Bei der organisationalen Resilienz liegt der Fokus auf den Arbeitsbedingungen. Diese sollten so gestaltet werden, dass sowohl einzelne Mitarbeiter*innen als auch ganze Teams bei Krisen und besonderen Belastungen auf resilienzfördernde Ressourcen oder Schutzfaktoren zurückgreifen oder diese gemeinsam mobilisieren können. Aber nicht nur das Vorhandensein, sondern insbesondere das Zusammenspiel der verschiedenen arbeitsbedingten Anforderungen und der dafür verfügbaren Ressourcen ist hier zu betrachten. Zu diesen Ressourcen zählen z. B. die Qualifikationen der Fachkräfte, soziale Beziehungen im Team, Unterstützungsformen, wie Supervision, betriebliches Gesundheitsmanagement und Netzwerke für fachlichen Austausch. Die Unterstützung der fachlichen Weiterentwicklung von Mitarbeitenden und die Schaffung von Reflexionsräumen trägt zur Mitarbeiter*innenzufriedenheit und Resilienz von Teams und Organisationen bei. Elemente wie Coaching, kollegiale Beratung oder Fort- und Weiterbildungsangebote wirken unterstützend.[25] Gelingt ein Resilienzprozess, wirkt dieser nicht nur einer drohenden akuten Überlastung entgegen, sondern fördert auch die Resilienz gegenüber zukünftigen Krisen.
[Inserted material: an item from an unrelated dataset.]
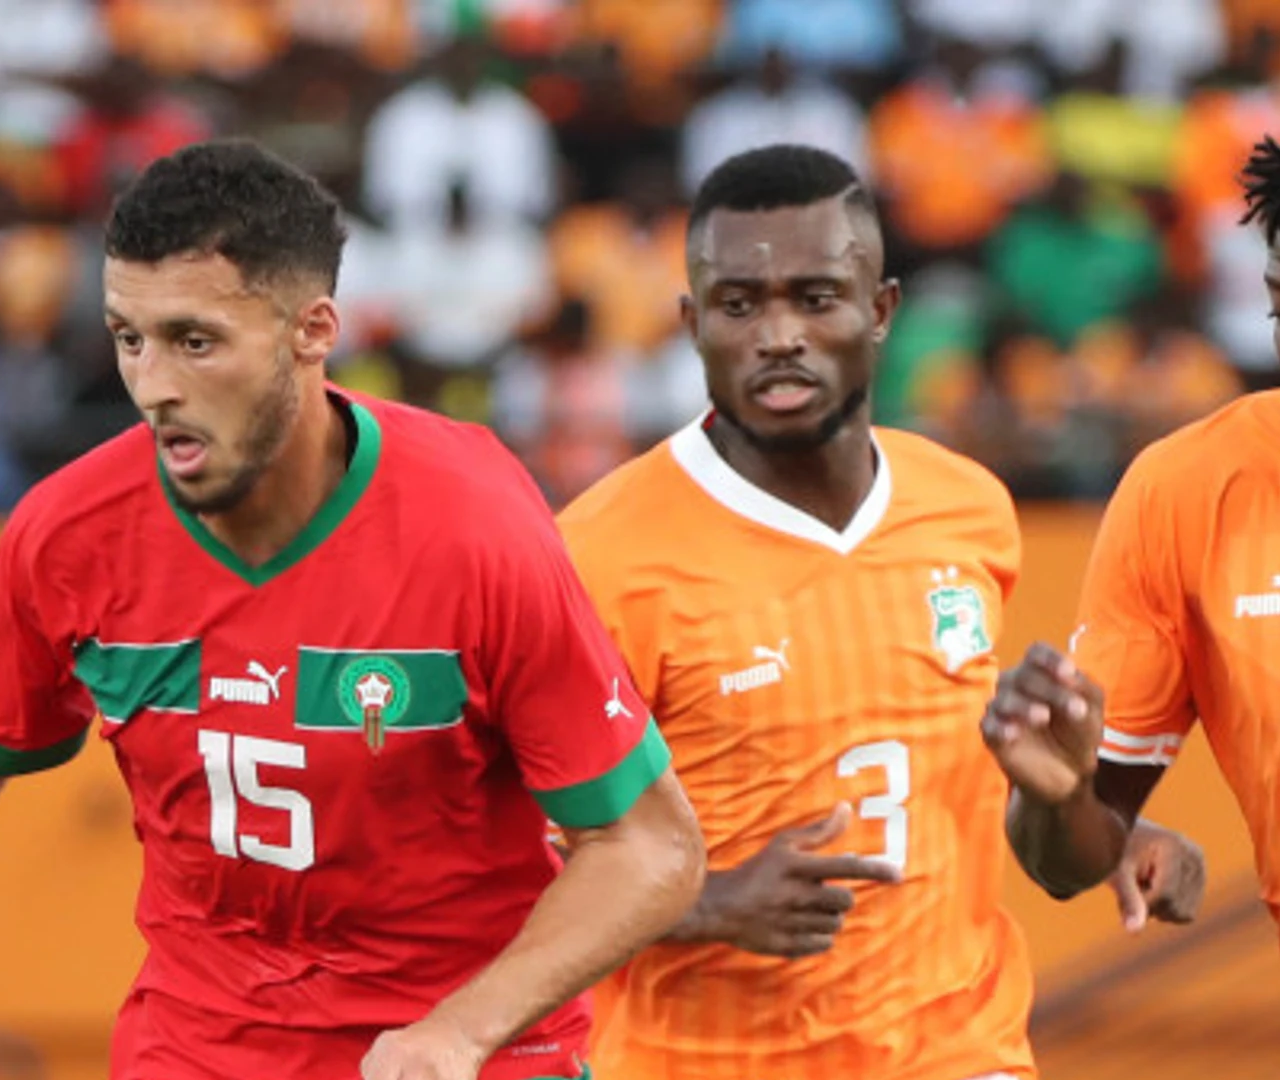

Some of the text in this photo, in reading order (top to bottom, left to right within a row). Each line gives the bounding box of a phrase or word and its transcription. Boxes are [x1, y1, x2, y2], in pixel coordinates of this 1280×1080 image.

[209, 677, 269, 705] PUMA
[720, 662, 779, 695] PUMA
[198, 729, 315, 872] 15
[837, 740, 909, 876] 3
Betriebliche Resilienzprozesse fördern schließlich auch die individuelle Resilienz der Mitarbeiter*innen und lassen diese gestärkt aus dem Prozess hervorgehen.[26]
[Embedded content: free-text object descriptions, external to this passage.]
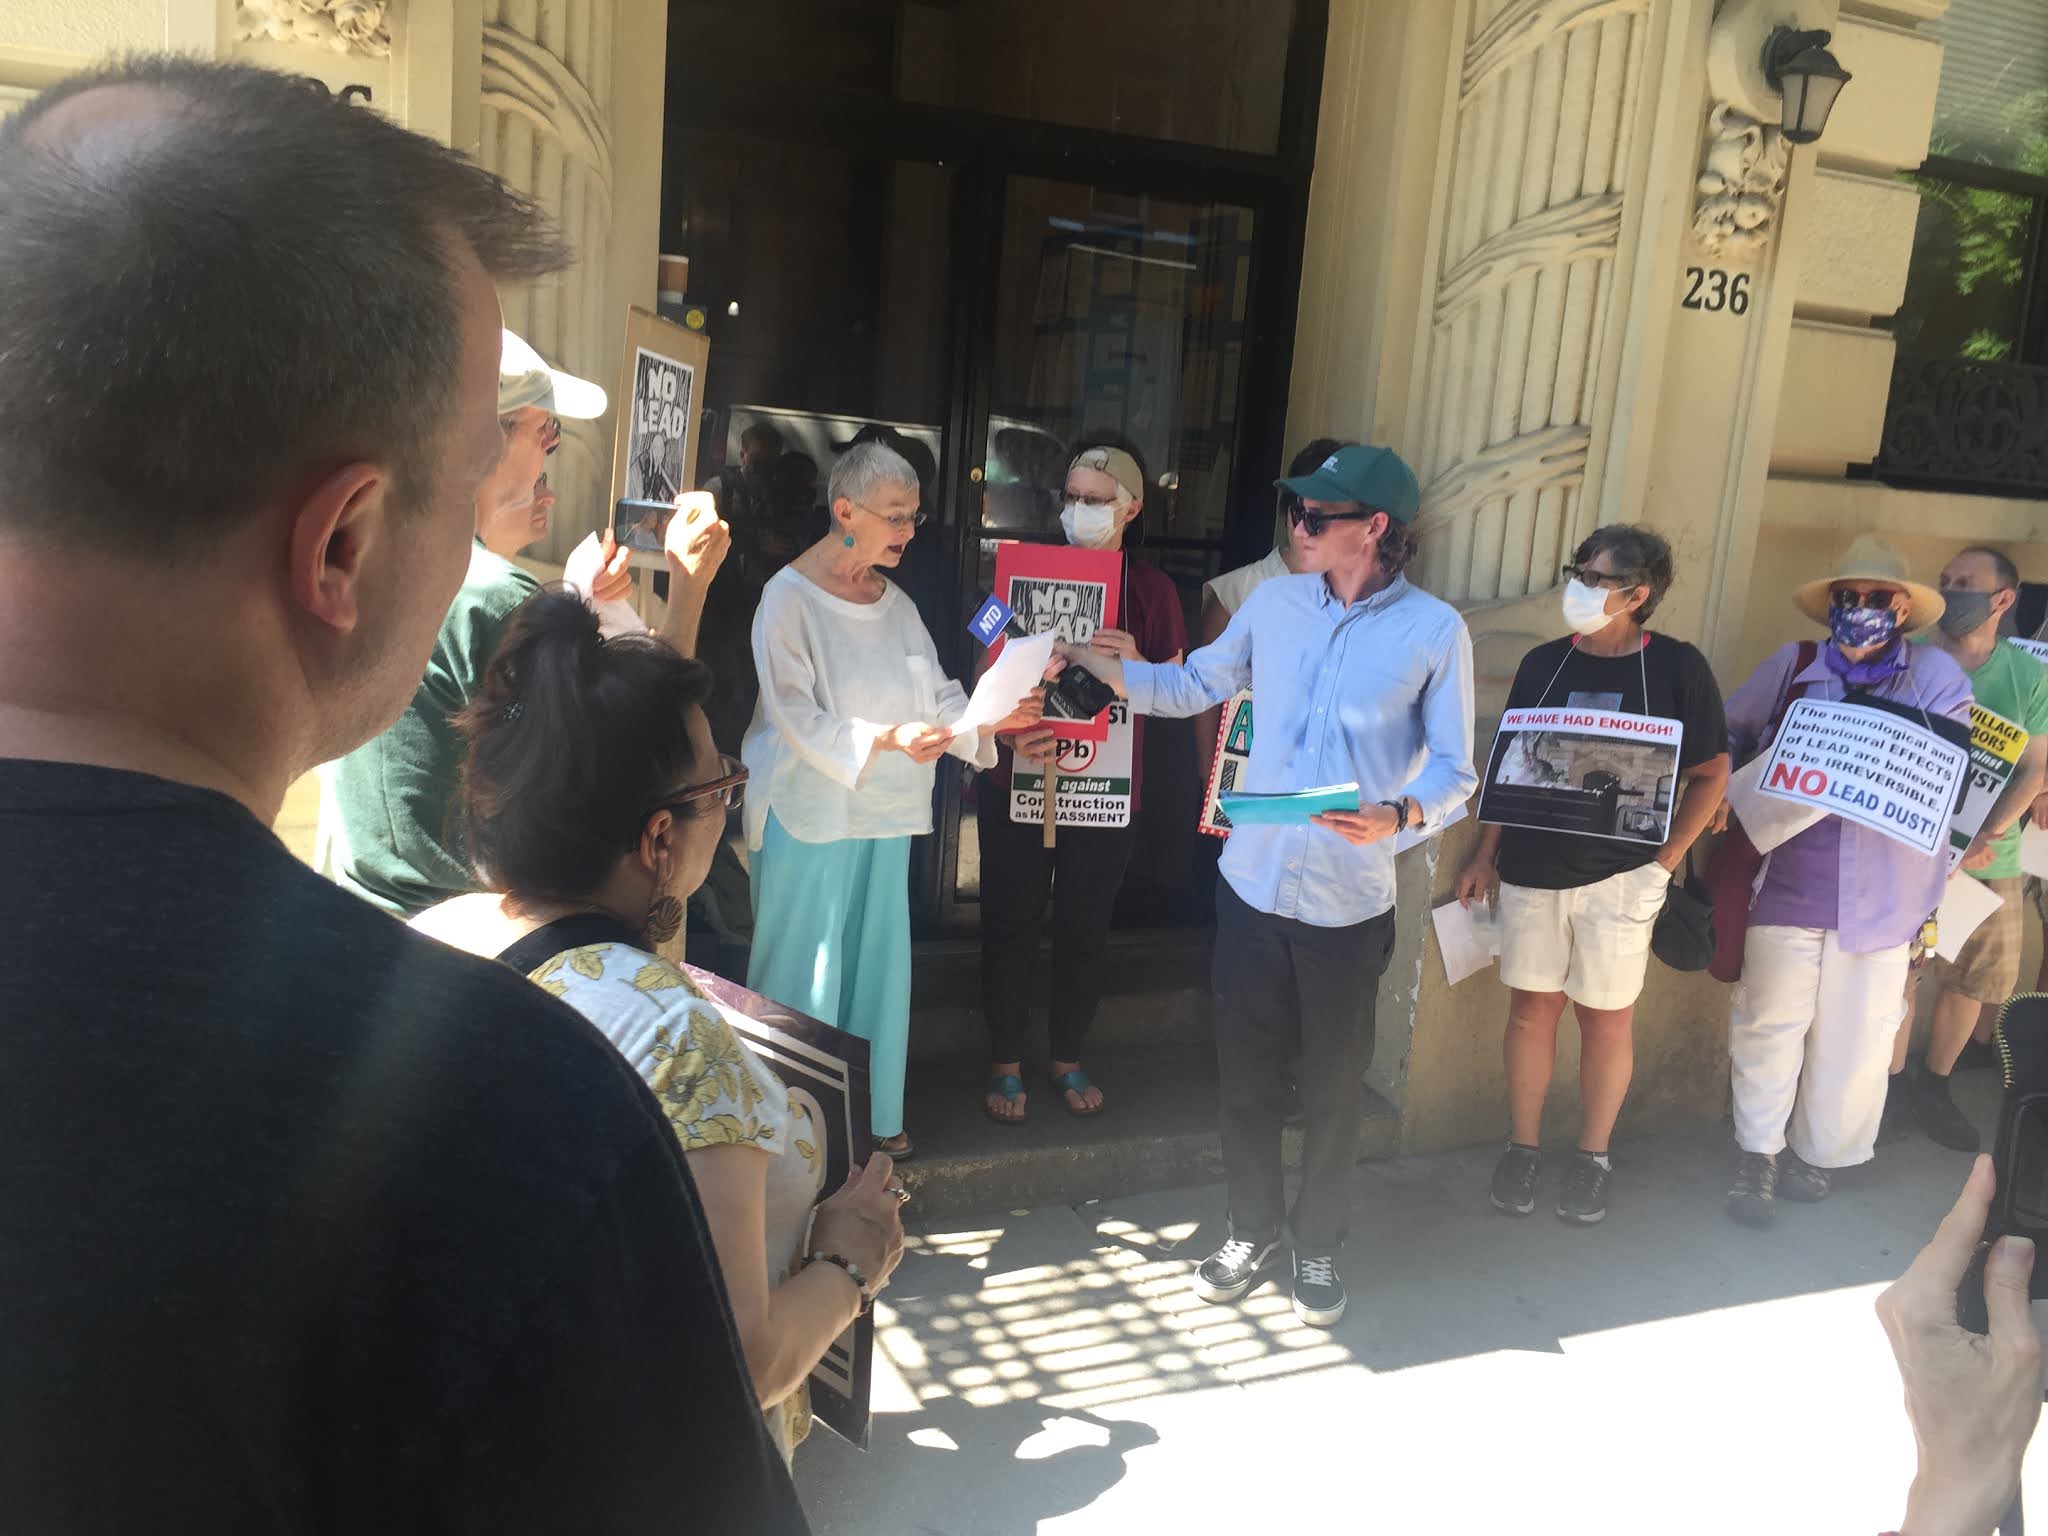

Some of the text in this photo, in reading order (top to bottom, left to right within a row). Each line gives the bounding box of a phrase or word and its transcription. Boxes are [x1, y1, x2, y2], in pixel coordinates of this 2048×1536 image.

[1681, 266, 1750, 316] 236
[647, 364, 677, 402] NO
[638, 399, 685, 440] LEAD
[1031, 585, 1078, 615] NO
[978, 604, 1002, 635] NTD
[1507, 713, 1674, 737] WE HAVE HAD ENOUGH!
[1800, 706, 1955, 765] The neurological and
[1969, 707, 2023, 743] VILLAGE
[1056, 739, 1089, 759] Pb
[1786, 736, 1944, 795] of LEAD are believed
[1792, 720, 1952, 781] behavioural EFFECTS
[1061, 778, 1111, 794] against
[1781, 749, 1940, 812] to be IRREVERSIBLE.
[1015, 810, 1028, 819] as
[1016, 793, 1125, 810] Contruction
[1769, 762, 1936, 839] NO LEAD DUST!
Resiliente Organisationen verfügen unter anderem über Prozesse, die sie befähigen, zukünftige Entwicklungen zu antizipieren, gefährdenden Veränderungen außerhalb und innerhalb der Organisation frühzeitig zu erkennen, auf vorhergesehene Ereignisse zu reagieren und aus vergangenen Ereignissen zu lernen.[27] Für die Kinder- und Jugendhilfe erscheint es grundlegend wichtig, anzuerkennen, dass sich Führungsverhalten und Führungsstrukturen stetig den sich wandelnden Bedingungen anpassen müssen. Um dieser wichtigen Rolle gerecht zu werden, braucht es Leitungskräfte, die mit langfristigen Unterstützungssystemen wie Fortbildung und Coaching gestärkt werden, um die komplexen Aufgaben erfüllen zu können und Resilienz im Team zu fördern. Im Gegensatz dazu wirken sich unklare Entscheidungsbefugnisse und andauernde Rollenkonflikte negativ aus.
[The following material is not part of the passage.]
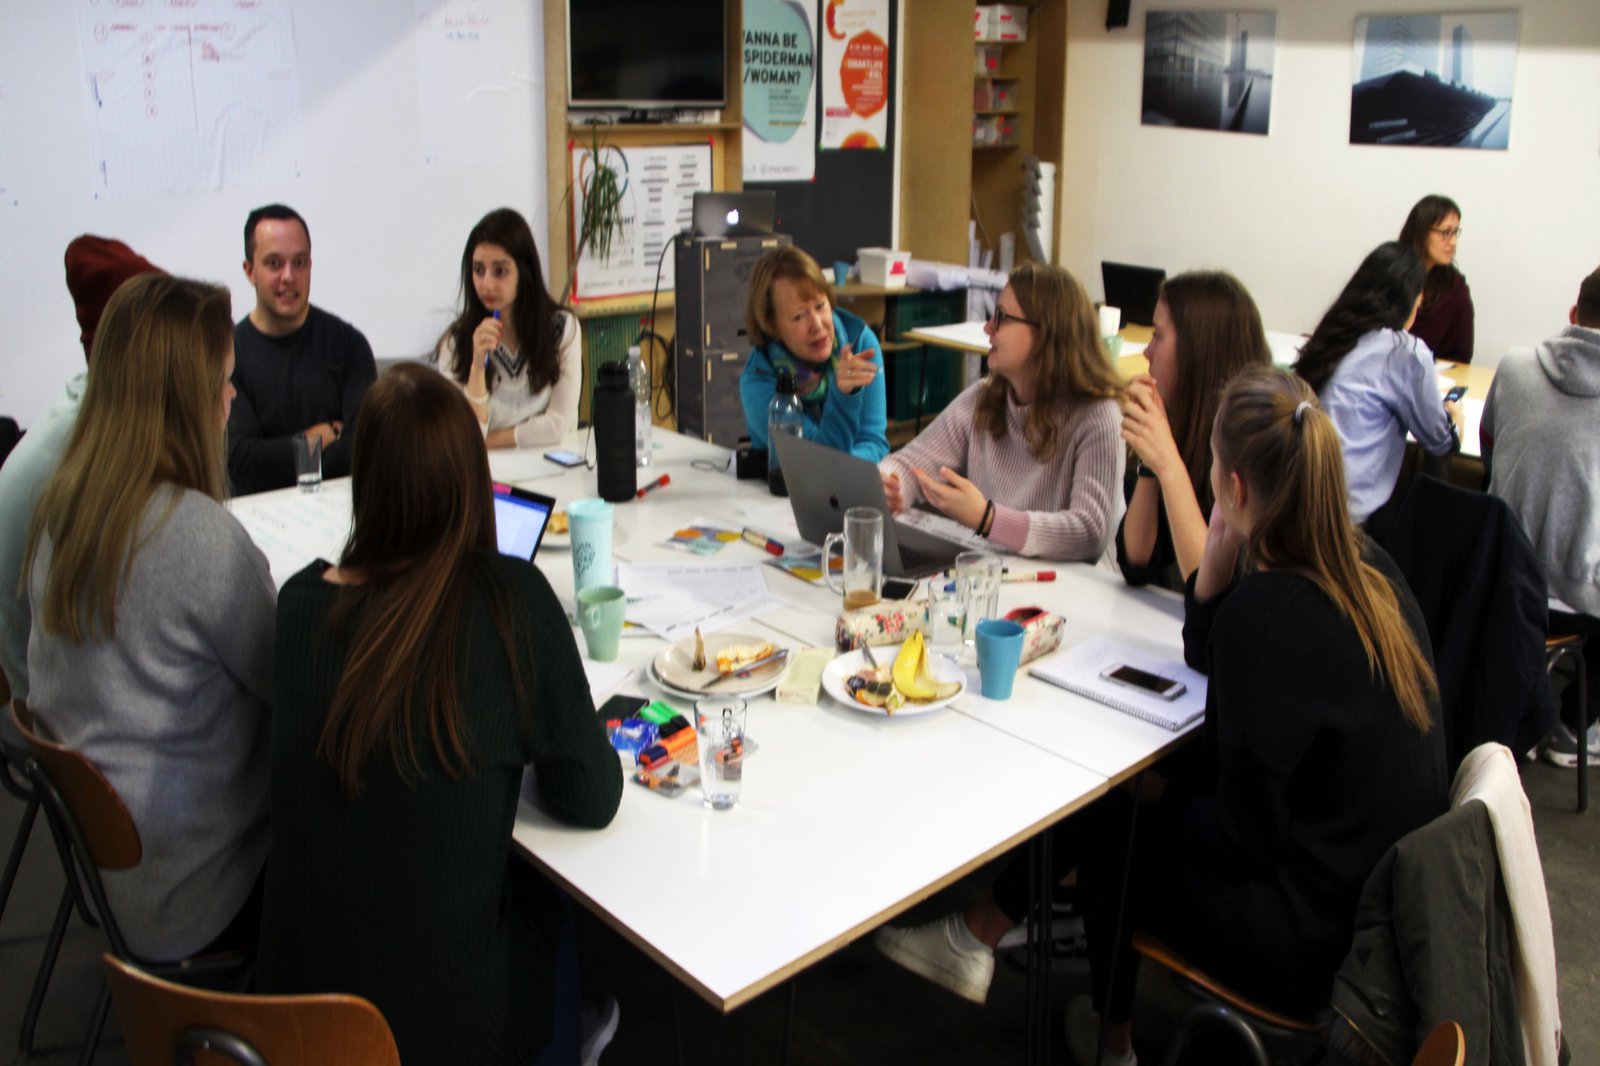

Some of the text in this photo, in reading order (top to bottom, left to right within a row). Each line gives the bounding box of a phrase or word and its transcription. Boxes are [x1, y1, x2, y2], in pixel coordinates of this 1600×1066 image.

[743, 31, 798, 48] ANNA BE
[744, 50, 812, 67] SPIDERMAN
[743, 69, 801, 85] /WOMAN?
Folgende Aspekte wirken sich positiv auf die Resilienz von Teams und Organisationen und auf die Zufriedenheit von Mitarbeiter*innen aus:
- Nachhaltige Strategie zur Fachkräftesicherung und -bindung entwickeln
- Maßnahmen zur betrieblichen Gesundheitsförderung etablieren
- Begleitung von Teamprozessen durch Supervision
- Möglichkeiten des fachlichen Austauschs und der Beratung schaffen
- Qualifizierungs- und Weiterbildungsmöglichkeiten für Mitarbeiter*innen etablieren und ausbauen
- Förderung sozialer Beziehungen und Netzwerke
- Gutes Onboarding und Sicherstellung einer qualifizierten Berufseinmündungs-phase
- Personalführung durch Qualifizierung und professionelle Begleitung stärken
- Gestaltungsspielräume für selbstständiges Arbeiten und Beteiligungsformate erhalten und neu schaffen
- Orientierungsrahmen geben und für Rollen- und Aufgabenklarheit sorgen
- positive Fehlerkultur (weiter)entwickeln und in den Alltag integrieren
- Leitungskonzepte weiterentwickeln
- Hinreichende Ressourcenplanung für Personalführung und Organisationsentwicklung insbesondere bei Leitungskräften
4. Gesundheitsförderliche Strategien und Maßnahmen auf politischer Ebene[28]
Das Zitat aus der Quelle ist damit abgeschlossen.